Exercise
The records below must be repeated exactly, but without their pictures.

Data for the task
════════

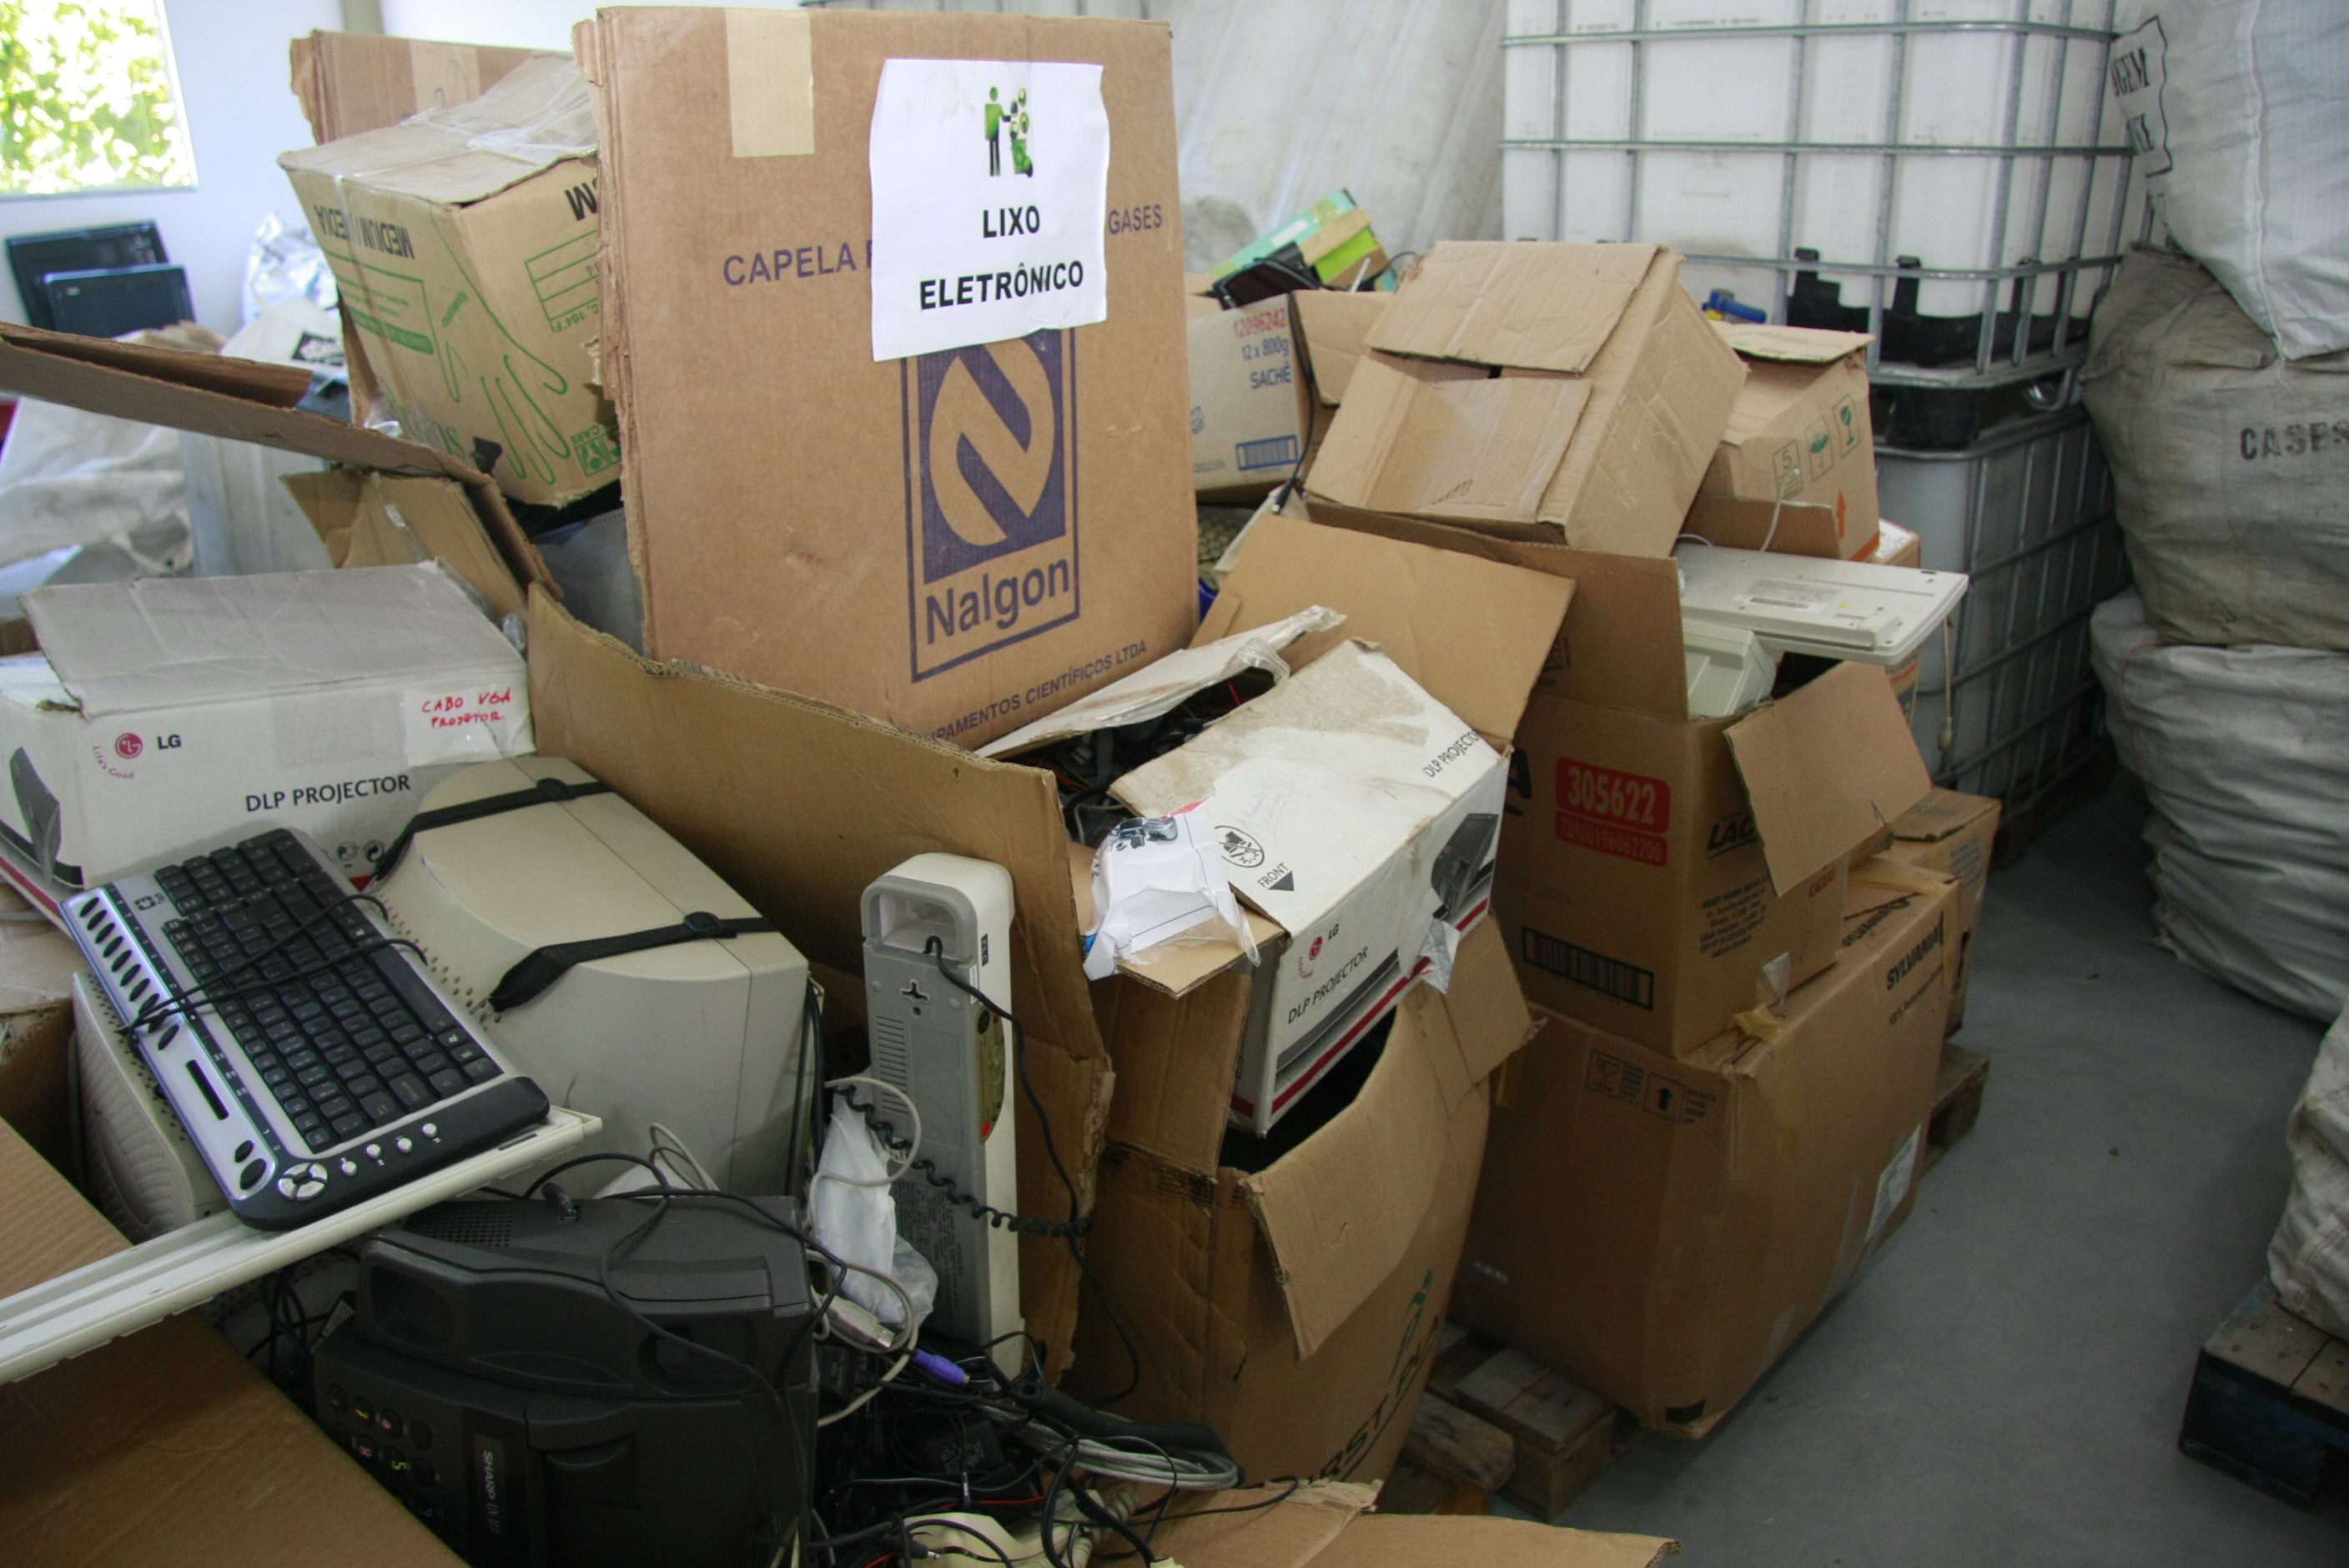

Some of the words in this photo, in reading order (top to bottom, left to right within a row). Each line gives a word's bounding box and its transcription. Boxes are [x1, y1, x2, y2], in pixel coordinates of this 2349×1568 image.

[982, 204, 1041, 239] LIXO
[722, 242, 857, 287] CAPELA
[1107, 203, 1164, 236] GASES
[919, 259, 1084, 311] ELETRÔNICO
[570, 425, 601, 445] CARE
[1782, 449, 1793, 470] 5
[925, 557, 1070, 646] Nalgon
[1025, 652, 1113, 705] CIENTÍFICOS
[1115, 640, 1148, 665] LTDA
[421, 696, 464, 713] CABO
[478, 687, 512, 706] VGA
[156, 733, 183, 751] LG
[108, 767, 135, 780] Good
[1422, 758, 1443, 778] DLP
[245, 792, 285, 813] DLP
[292, 774, 411, 806] PROJECTOR
[1567, 765, 1657, 826] 305622
[1256, 862, 1290, 889] FRONT
[1328, 922, 1340, 942] LG
[1287, 998, 1310, 1025] DLP
[1312, 945, 1369, 1007] PROJECTOR
[483, 1450, 496, 1500] SHARP

════════

Result of this task
Some of the words in this photo, in reading order (top to bottom, left to right within a row). Each line gives a word's bounding box and its transcription. Boxes are [x1, y1, x2, y2], in pixel coordinates of this 2349×1568 image.

[982, 204, 1041, 239] LIXO
[722, 242, 857, 287] CAPELA
[1107, 203, 1164, 236] GASES
[919, 259, 1084, 311] ELETRÔNICO
[570, 425, 601, 445] CARE
[1782, 449, 1793, 470] 5
[925, 557, 1070, 646] Nalgon
[1025, 652, 1113, 705] CIENTÍFICOS
[1115, 640, 1148, 665] LTDA
[421, 696, 464, 713] CABO
[478, 687, 512, 706] VGA
[156, 733, 183, 751] LG
[108, 767, 135, 780] Good
[1422, 758, 1443, 778] DLP
[245, 792, 285, 813] DLP
[292, 774, 411, 806] PROJECTOR
[1567, 765, 1657, 826] 305622
[1256, 862, 1290, 889] FRONT
[1328, 922, 1340, 942] LG
[1287, 998, 1310, 1025] DLP
[1312, 945, 1369, 1007] PROJECTOR
[483, 1450, 496, 1500] SHARP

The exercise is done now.